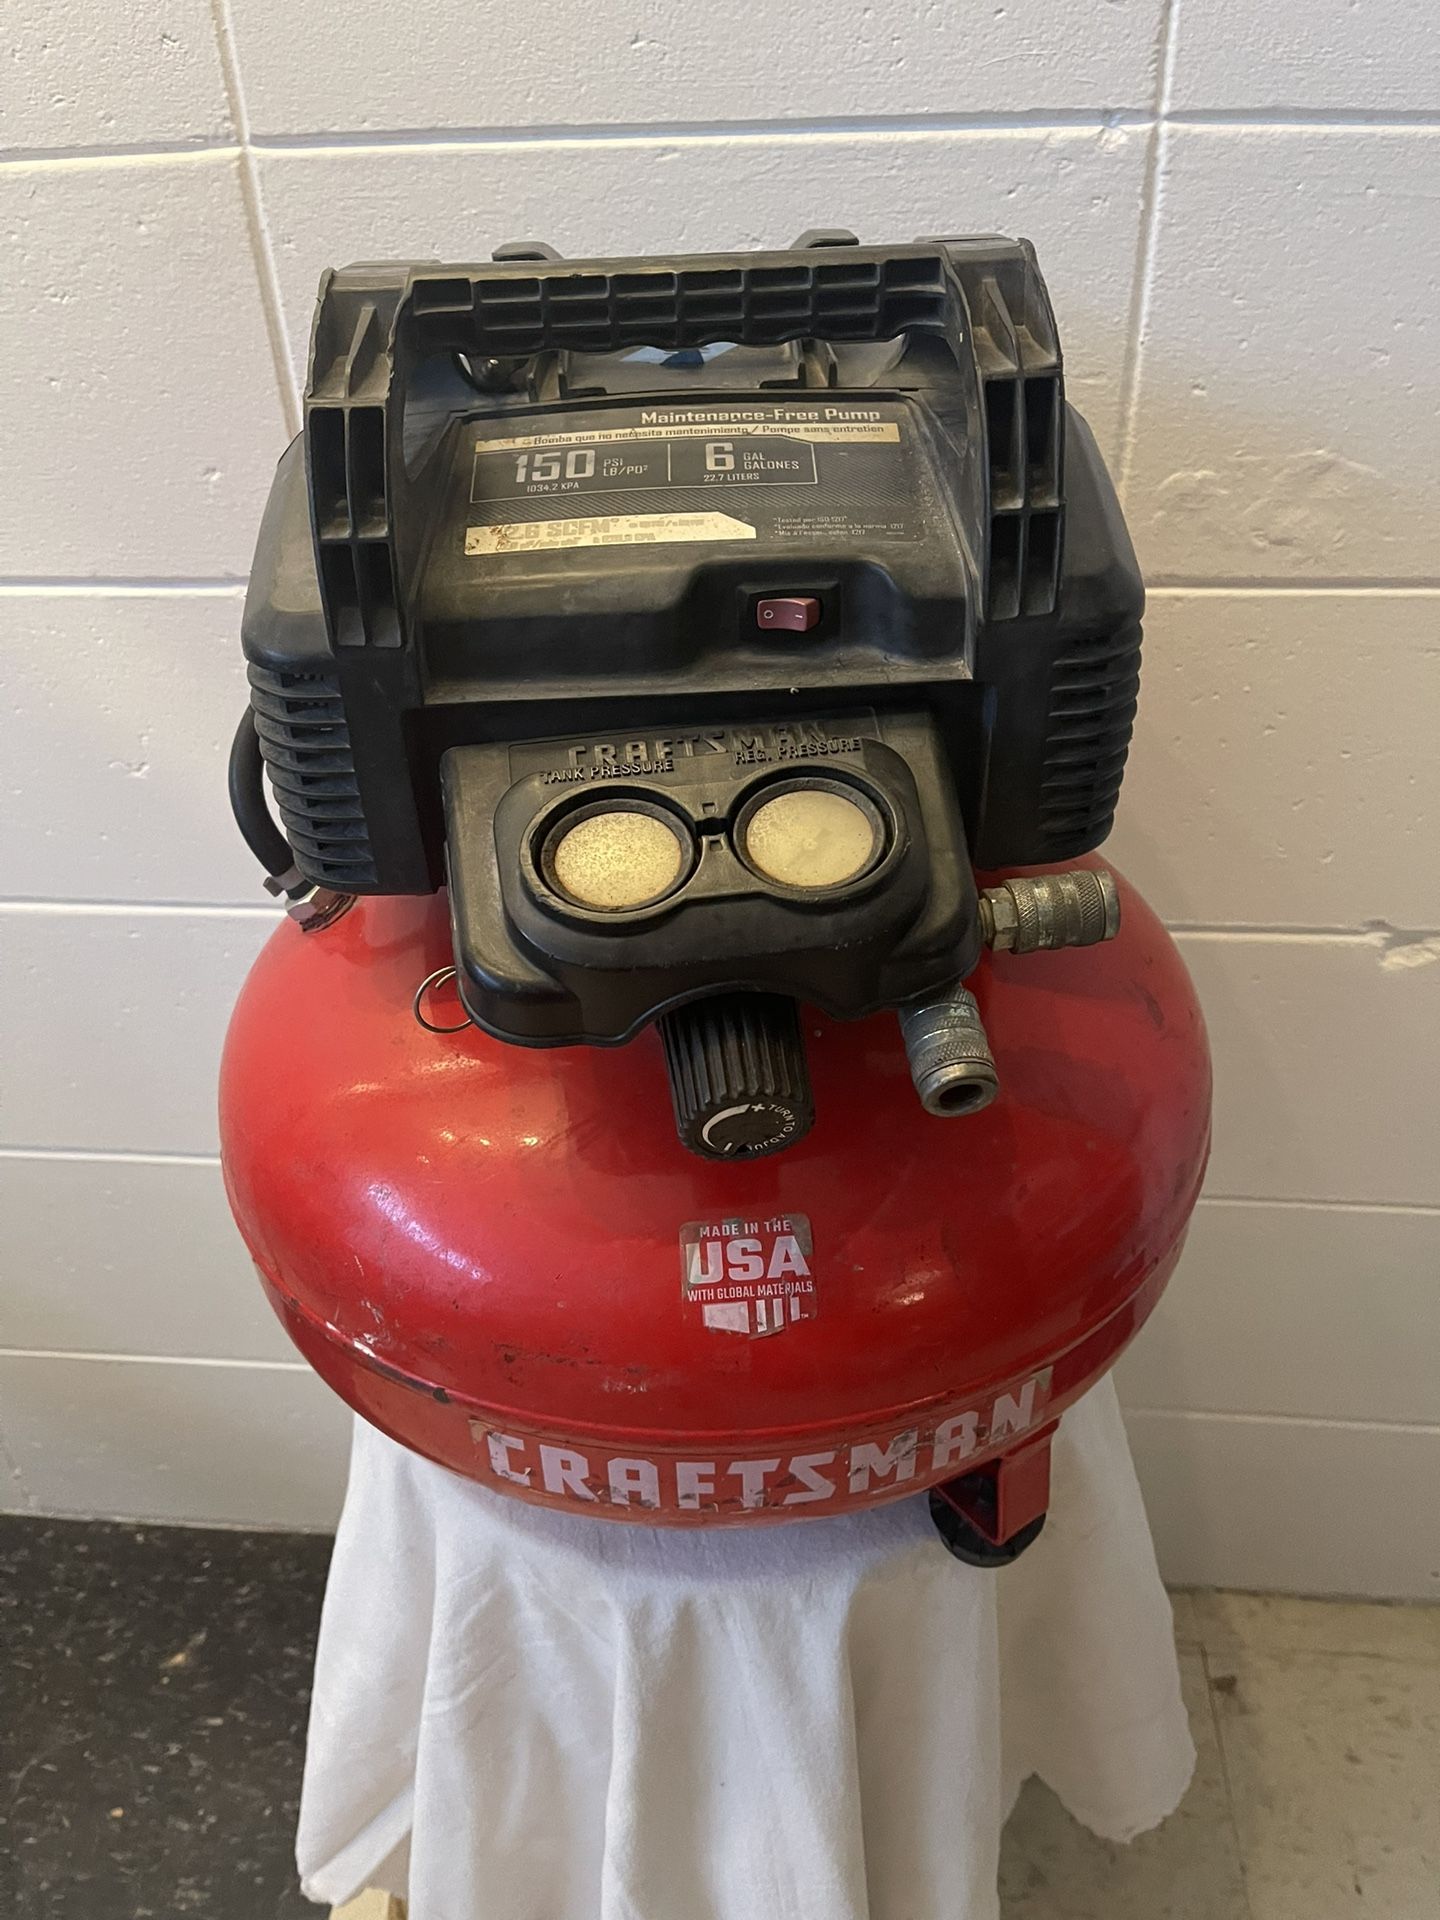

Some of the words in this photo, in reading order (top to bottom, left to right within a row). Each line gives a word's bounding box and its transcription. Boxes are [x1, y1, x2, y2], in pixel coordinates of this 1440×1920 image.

[641, 408, 819, 424] Maintenance-Free
[824, 408, 881, 423] Pump
[533, 435, 572, 445] Bomba
[575, 433, 595, 443] que
[598, 432, 612, 441] no
[665, 426, 748, 435] mantenimiento
[762, 425, 800, 434] Pompe
[832, 425, 884, 433] entretien
[516, 449, 596, 483] 150
[603, 458, 623, 467] PSI
[705, 442, 735, 471] 6
[743, 452, 765, 461] GAL
[744, 460, 799, 470] GALONES
[527, 483, 559, 493] 1034.2
[560, 482, 579, 490] KPA
[703, 474, 724, 482] 22.7
[727, 472, 760, 481] LITERS
[567, 720, 827, 768] CRAFTSMAN
[734, 749, 773, 765] REG.
[775, 736, 863, 760] PRESSURE
[542, 766, 585, 785] TANK
[590, 758, 675, 780] PRESSURE
[700, 1222, 739, 1238] MADE
[744, 1222, 758, 1235] IN
[764, 1219, 791, 1233] THE
[685, 1235, 811, 1285] USA
[687, 1288, 714, 1302] WITH
[717, 1285, 755, 1300] GLOBAL
[757, 1280, 813, 1298] MATERIALS
[486, 1366, 1052, 1509] CRAFTSMAN

****************************************

- _The problem_: Write out the data above exactly, minus any images.

- _Task solution_:
Some of the words in this photo, in reading order (top to bottom, left to right within a row). Each line gives a word's bounding box and its transcription. Boxes are [x1, y1, x2, y2], in pixel coordinates of this 1440×1920 image.

[641, 408, 819, 424] Maintenance-Free
[824, 408, 881, 423] Pump
[533, 435, 572, 445] Bomba
[575, 433, 595, 443] que
[598, 432, 612, 441] no
[665, 426, 748, 435] mantenimiento
[762, 425, 800, 434] Pompe
[832, 425, 884, 433] entretien
[516, 449, 596, 483] 150
[603, 458, 623, 467] PSI
[705, 442, 735, 471] 6
[743, 452, 765, 461] GAL
[744, 460, 799, 470] GALONES
[527, 483, 559, 493] 1034.2
[560, 482, 579, 490] KPA
[703, 474, 724, 482] 22.7
[727, 472, 760, 481] LITERS
[567, 720, 827, 768] CRAFTSMAN
[734, 749, 773, 765] REG.
[775, 736, 863, 760] PRESSURE
[542, 766, 585, 785] TANK
[590, 758, 675, 780] PRESSURE
[700, 1222, 739, 1238] MADE
[744, 1222, 758, 1235] IN
[764, 1219, 791, 1233] THE
[685, 1235, 811, 1285] USA
[687, 1288, 714, 1302] WITH
[717, 1285, 755, 1300] GLOBAL
[757, 1280, 813, 1298] MATERIALS
[486, 1366, 1052, 1509] CRAFTSMAN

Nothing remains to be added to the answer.